マンション売却における名義の役割と名義変更の方法
マンションを売却する際、度々問題になるのが「名義」です。
相続や売買などでマンションの所有者が変わったときは、名義を変更する必要があります。相続では、名義変更を忘れたままになっているケースも多く、マンションを売ることができなかったり、手続きが面倒になったりします。
しかし、名義に関する問題は意外と見落とされがちで、売却を考え始めてから初めてその重要性に気づくケースも少なくありません。

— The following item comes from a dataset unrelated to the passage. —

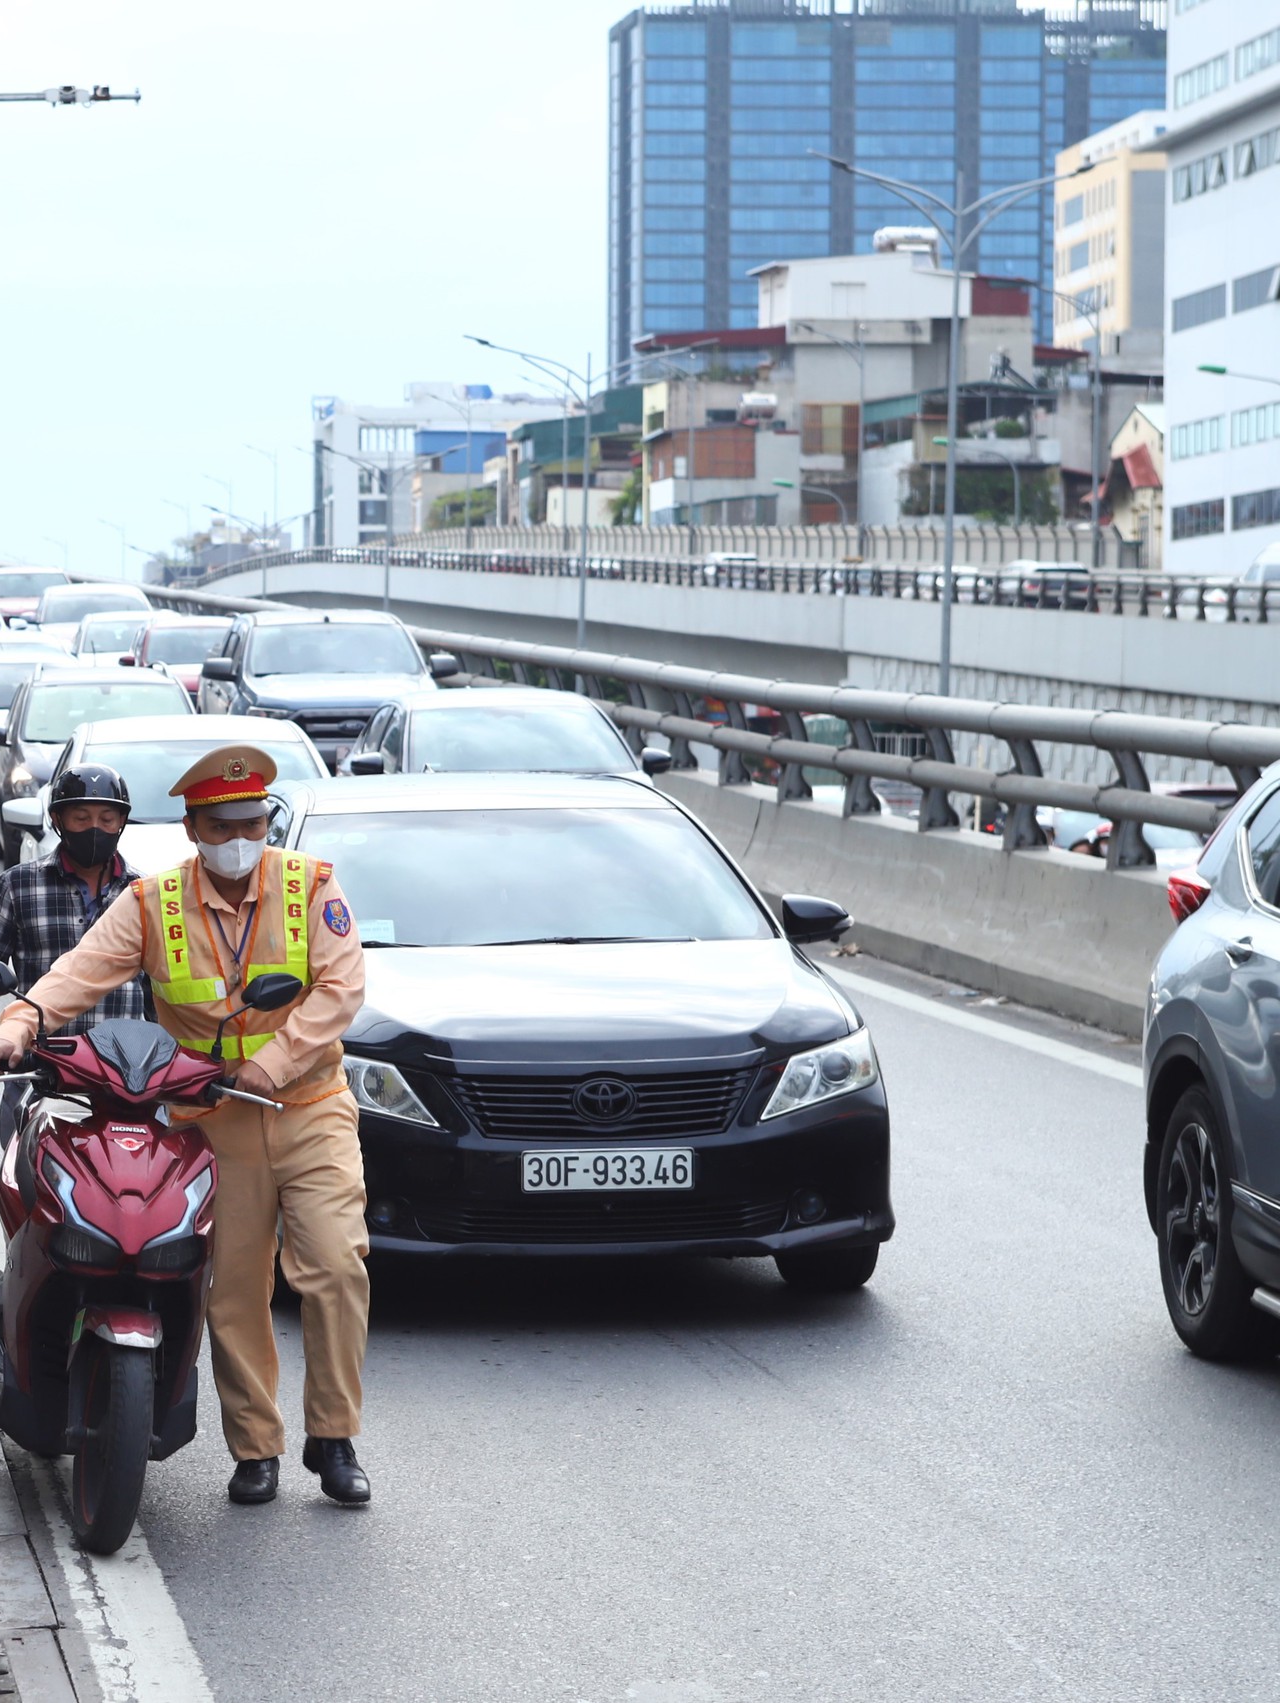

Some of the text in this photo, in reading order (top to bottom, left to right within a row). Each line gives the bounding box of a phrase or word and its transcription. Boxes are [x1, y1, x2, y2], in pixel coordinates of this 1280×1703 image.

[163, 878, 184, 964] CSGT
[285, 859, 302, 942] CSGT
[111, 1126, 147, 1134] HONDA
[527, 1154, 688, 1187] 30F-933.46

マンションの売却をスムーズに行うためにも、名義について確認しておきましょう。
もくじ
マンションの名義とは?
マンションの名義とは、不動産登記簿に記載された所有者のことです。名義人とも呼ばれます。マンションの所有権を法的に証明する役割やマンションに関する権利を行使できる正当な権限を持つため、単なる名前以上の重要性を持ちます。
たとえば、マンションの売却や賃貸、改築などの重要な決定は、基本的に名義人以外はできません。名義人は複数人になる場合もあり、その場合は名義人全員の同意が必要です。
マンションを売れるのは名義人だけ
日本の法律では、マンションの売却は名義人の同意が無ければ成立しません。
名義人以外の人物がマンションを売却できてしまうと、不正な取引や詐欺的な行為が横行するおそれがあるためです。

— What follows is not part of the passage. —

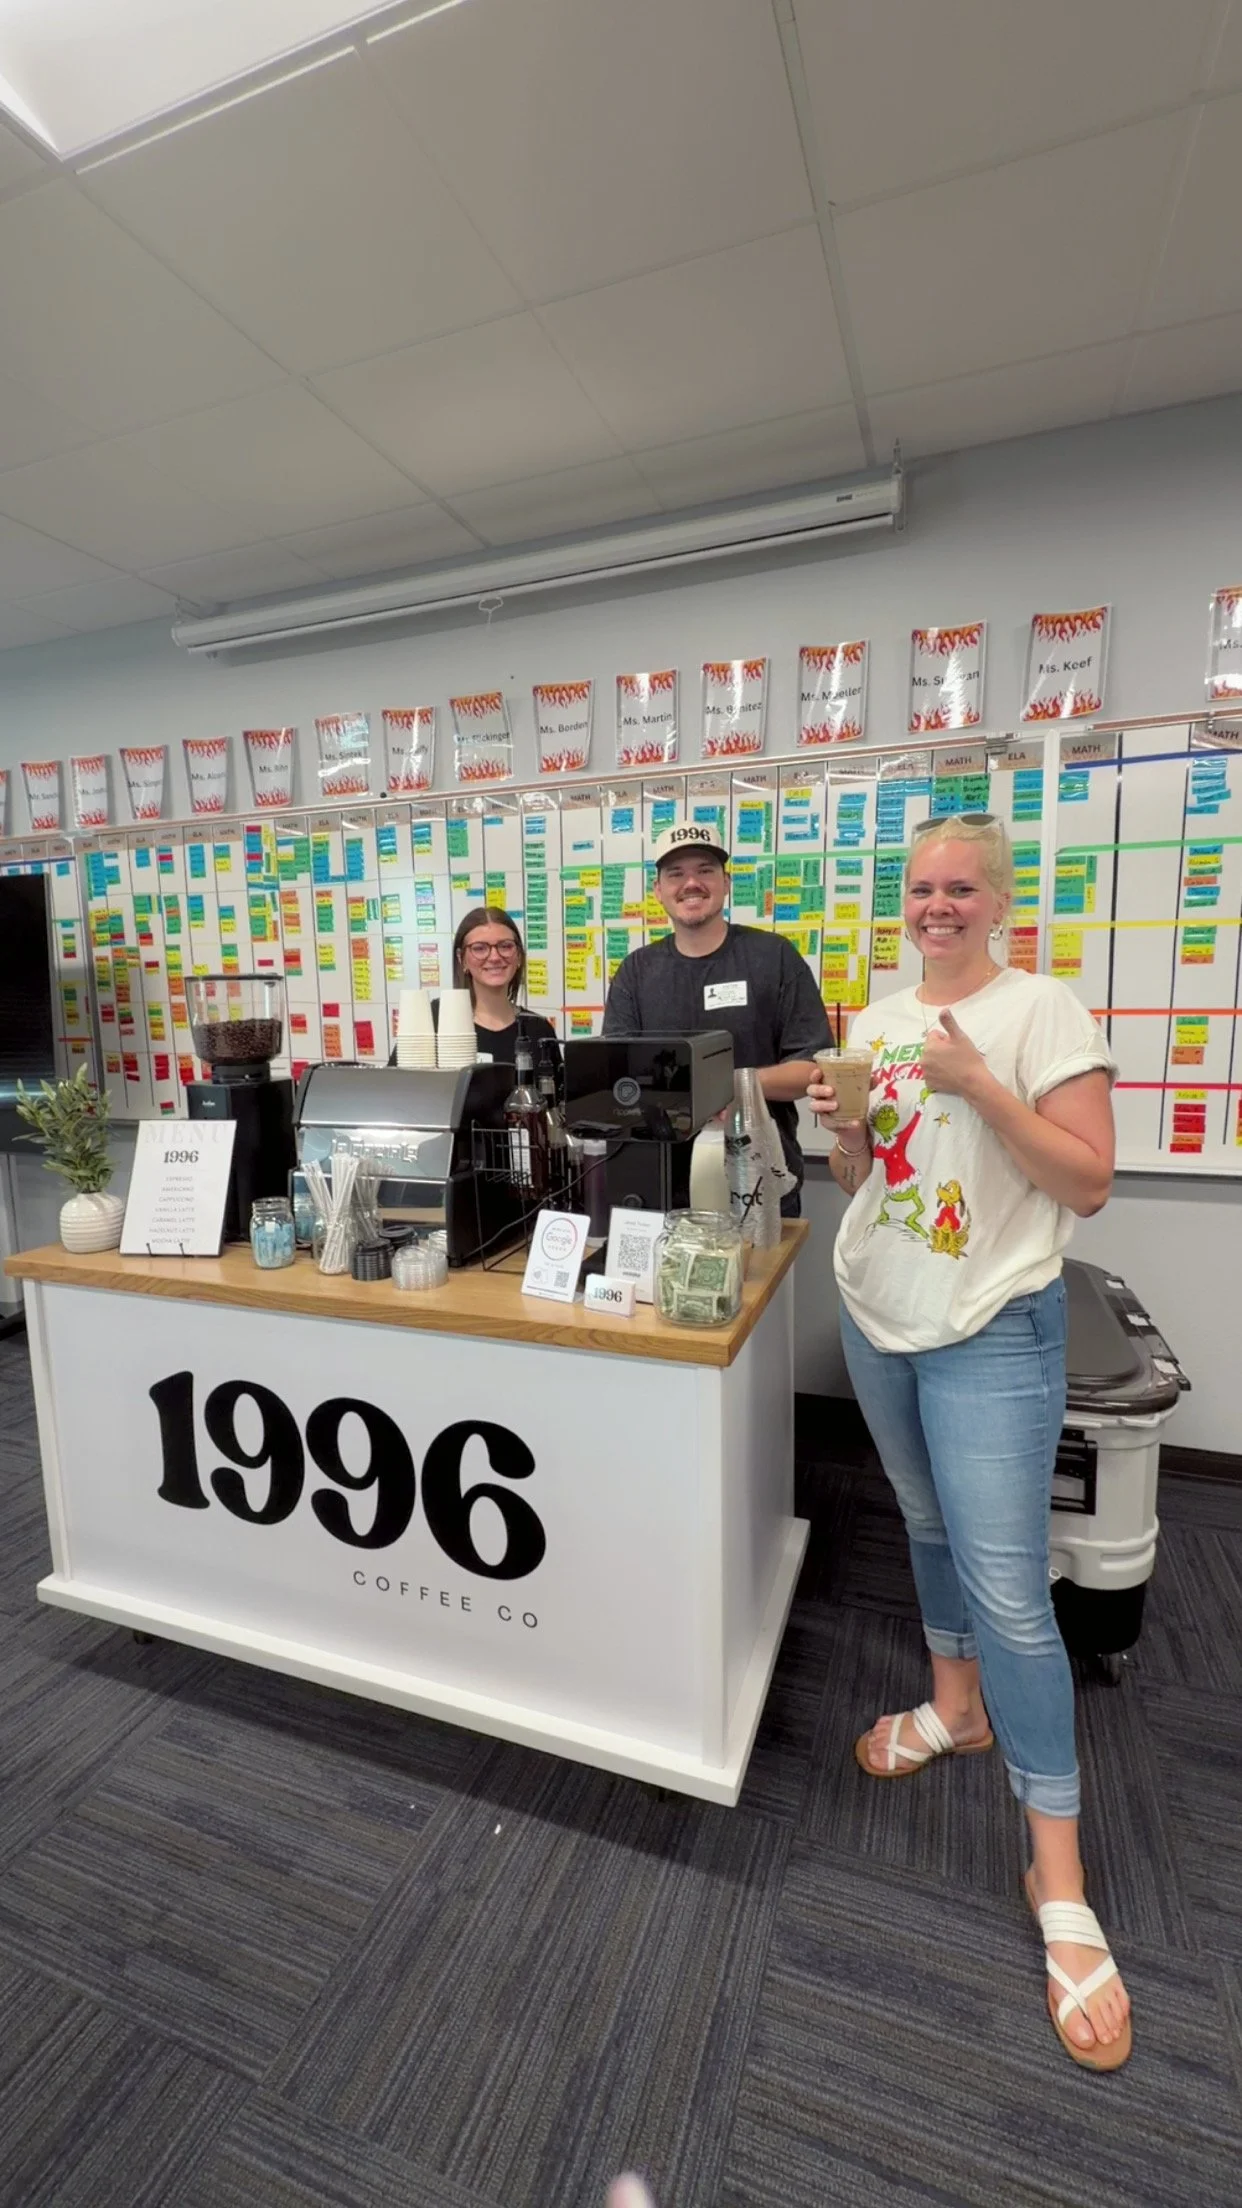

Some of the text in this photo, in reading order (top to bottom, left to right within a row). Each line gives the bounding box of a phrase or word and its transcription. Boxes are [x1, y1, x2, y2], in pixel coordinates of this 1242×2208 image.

たとえば、名義人が認知症で意思能力が無い場合であっても、配偶者や子が売却を勝手に進めることができてしまいます。名義人が遺書を残していて、マンションの相続人が決まっていても、相続が発生した時点で売却済みになっていると、相続トラブルに発展してしまいます。
そのため、名義人以外の人がマンションを売却する場合は、売却の前に名義変更の手続きを行うか、名義人の同意を得る必要があります。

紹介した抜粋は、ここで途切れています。